2017-11-12

日本の人類学

山極寿一、尾本恵市「日本の人類学」を読んだ。

類人猿や狩猟採集民の研究を通して現代人を相対化してきた二人の研究者が、人工知能や医療技術の発展とともに揺らぐ人間の定義の在り方を見据えて対話する。
自然人類学と文化人類学を再び統合して人間の来し方行く末を論じることが切望されている。
山極寿一、尾本恵市「日本の人類学」p.9
人間とはなにかを考えるとき、その切り口は、形態、遺伝子、コミュニケーション、衣食住など様々であり、系統樹思考と分類思考を織り交ぜながら抽象できるようであるとよい。

子どもの頃の判断基準の不安定さが失われないことによって、視点の多様性が大人になっても維持される。
ヒトにおいては行為のネオテニー化が起こっていく。子どもの精神・好奇心が大人の間に芽生え、普及していく。
同p.179
精神がネオテニー化したことによって、「古いものを捨て、新しい環境にどんどん進出していく」ようになる。また、言葉という判断基準を共有していない子どもとのコミュニケーションが大人にも広がることで音楽となる。
初めはむずかる赤ちゃんに対して発せられていた音声が大人の間に広がり、心を同一化させるようなファンクションを持って普及した。
(中略)
まさにインタラクションのネオテニー化ですよね。
同p.180

言葉や音楽に限らず、何らかのコミュニケーションを通じて共有された判断基準が文化となる。
文化というのは共有されたひとつの計画性
同p.33
文化は遺伝ではなく、価値判断によってある集団に生ずる現象なのです
同p.34
同じことをする人たちが集団をつくるというのが、文化の大きな特徴だと思います。
同p.191
互いが直接コミュニケーションをとりながら判断基準を更新できるのは、脳容量の関係から一五〇人程度までの集団に限られる。通信手段が変化し、コミュニケーションの同時性や同地性が必須条件でなくなると、見知らぬ相手との判断基準の共有が可能になり、文明が生まれたと考えられる。
集団の人数が一五〇人をはるかに越すようになると、ずるい者や悪い者が出てきて富と権力を独り占めするようになる。極端に言えば、これが文明の本質です。
同p.148
文明の誕生はまた、その時その場所にいるコミュニケーション相手に応じて、共有する判断基準がテンポラリに変化する状況を生み出す。コンテキストスイッチのように複数の判断基準を切り替えるのは、精神がネオテニー化したことによって可能になったと思われる。音楽の誕生に関連して指摘される、
ないものを表すということが起こったのではないか
同p.185
というのも、文明的な判断基準の共有の仕方をするようになったこととつながっているはずだ。
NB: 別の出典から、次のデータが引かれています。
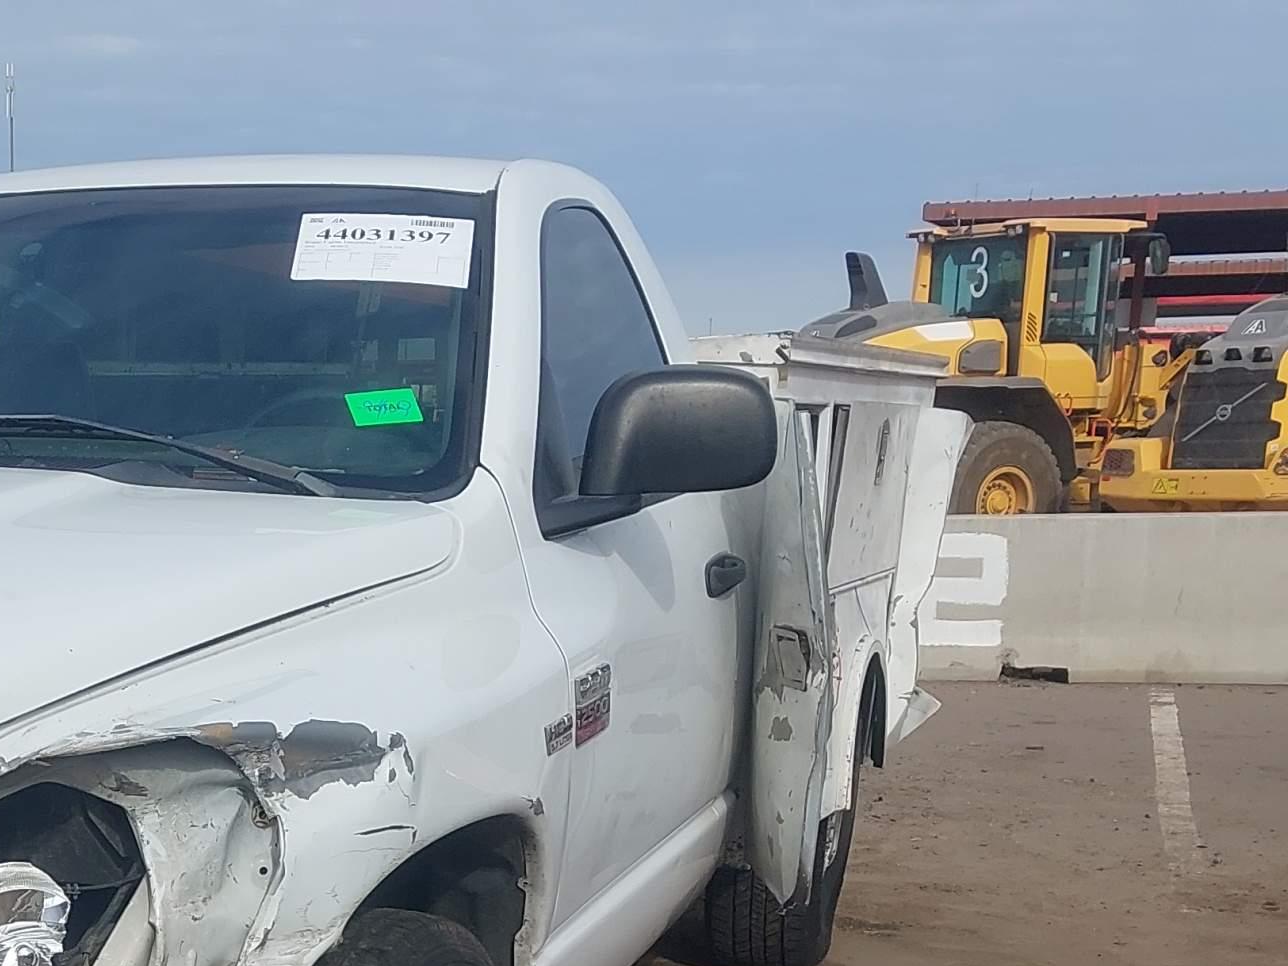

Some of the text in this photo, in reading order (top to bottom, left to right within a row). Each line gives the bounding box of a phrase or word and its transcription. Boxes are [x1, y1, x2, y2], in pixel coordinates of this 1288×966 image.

[316, 228, 452, 245] 44031397
[969, 246, 989, 298] 3
[918, 532, 1010, 647] 2
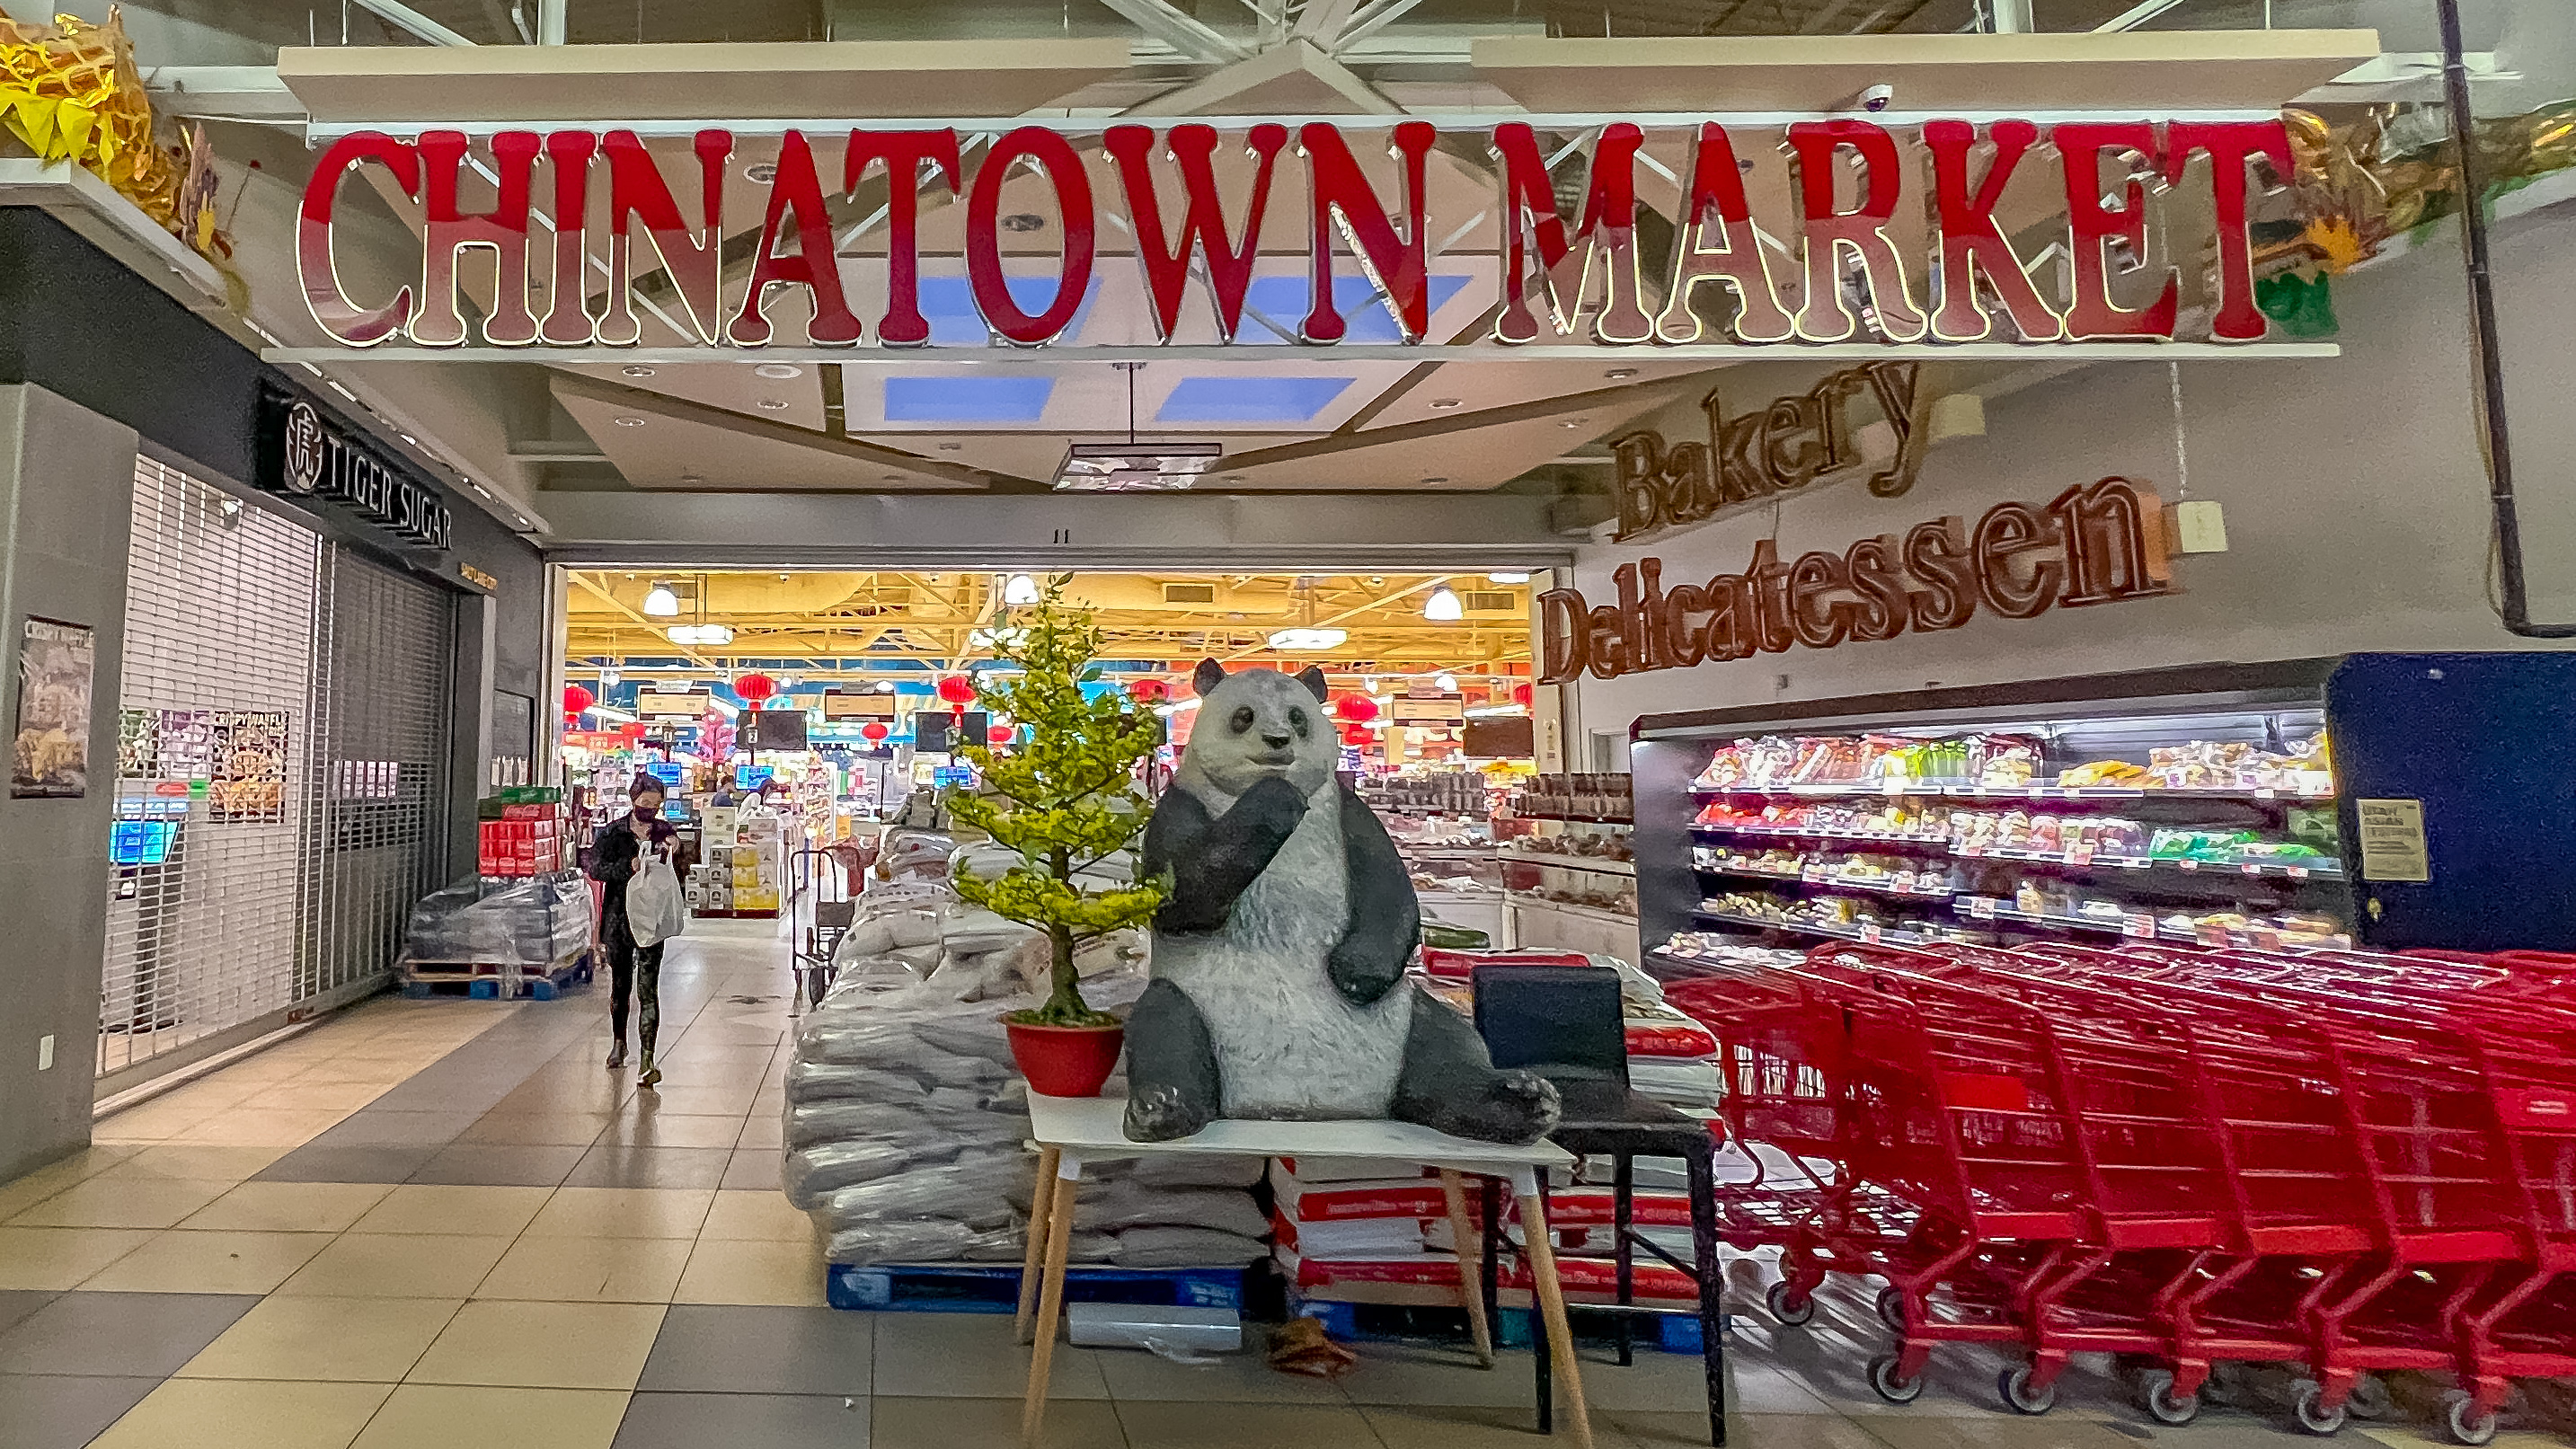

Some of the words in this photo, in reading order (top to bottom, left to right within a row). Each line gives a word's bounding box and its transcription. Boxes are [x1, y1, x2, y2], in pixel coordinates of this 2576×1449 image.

[294, 122, 1437, 347] CHINATOWN
[1490, 119, 2295, 346] MARKET
[327, 435, 392, 521] TIGER
[400, 482, 452, 551] SUGAR
[1609, 360, 1921, 543] Bakery
[1536, 475, 2158, 685] Delicatessen
エドワード・ウェスターマークの「幼児期の親密な関係は性衝動を忌避させる」という予言は、コミュニケーションを重ねることによって判断基準が固定化することを言ったものだと考えられる。一度性交渉を伴わない関係に固定化しても、性交渉を伴う関係へと発散する可能性がある場合には、タブーという文明的な制度によって固定化させておく必要があるのだろう。
霊長類の段階から受け継いできた人間の性の生物学的なあり方が、社会的な制度にまで発展する
同p.205

私有というのは、文明的な判断基準の共有の合間に生じるテンポラリな判断基準の共有のことだと思われる。そのため、文化的ではあるが文明的ではない狩猟採集民は、私有せずに共有する。
狩猟採集というのは私有を否定する文化なんですよね。私有ではなく共有です。
同p.135
多様な視点が入れ替わり立ち代り現れる状況というのもまた、テンポラリな判断基準の共有という意味では一種の私有である。私有を避けるというよりは、私有と共有のいずれにおいても、固定化を避けるというのがよいように思われる。
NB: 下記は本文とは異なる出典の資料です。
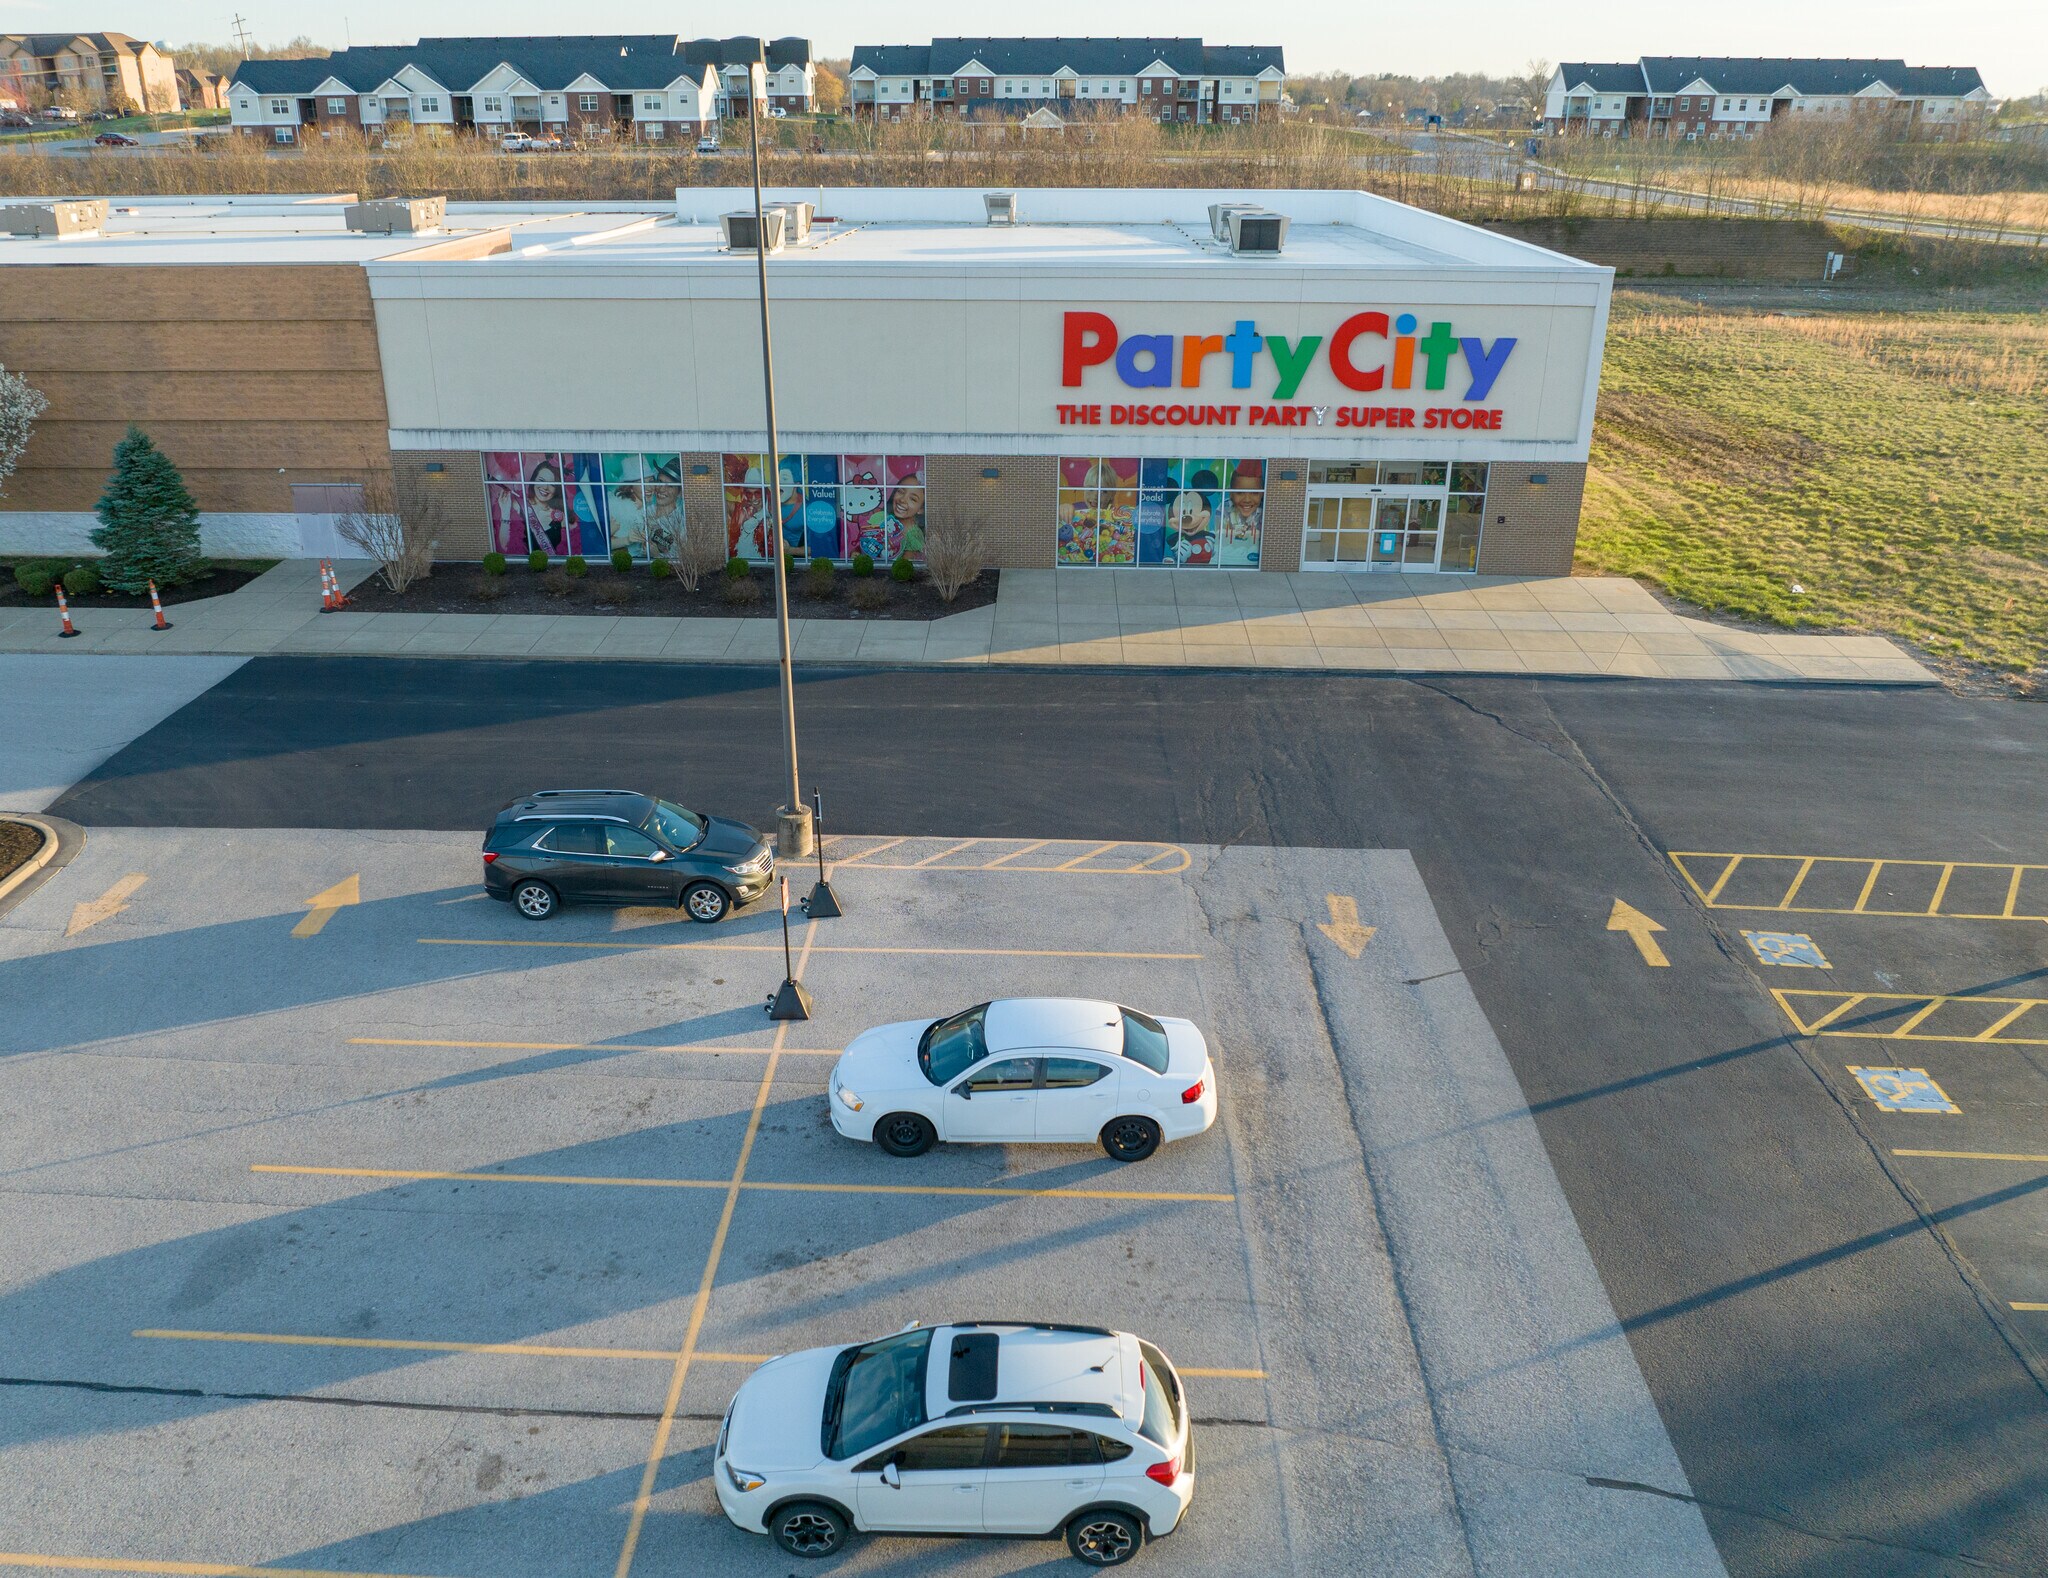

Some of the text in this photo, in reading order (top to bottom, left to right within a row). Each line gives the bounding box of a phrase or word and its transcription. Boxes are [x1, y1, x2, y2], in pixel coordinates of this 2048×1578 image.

[1057, 405, 1503, 430] THE DISCOUNT PARTY SUPER STORE
[812, 489, 835, 498] Value!
[1140, 492, 1163, 501] Deals!
新しい通信手段が集団の形成の仕方を変えるとすれば、情報革命によってコミュニケーションに対する脳容量の制限が緩和されることで、文化と文明の関係も変わってくるだろう。人間の定義が揺らいでいること自体は必ずしも悪いことではなく、つねにいろいろな視点から問いが発せられることで、固定化することなく、創造と破壊の連鎖による秩序の更新が続いていくのがよいと思う。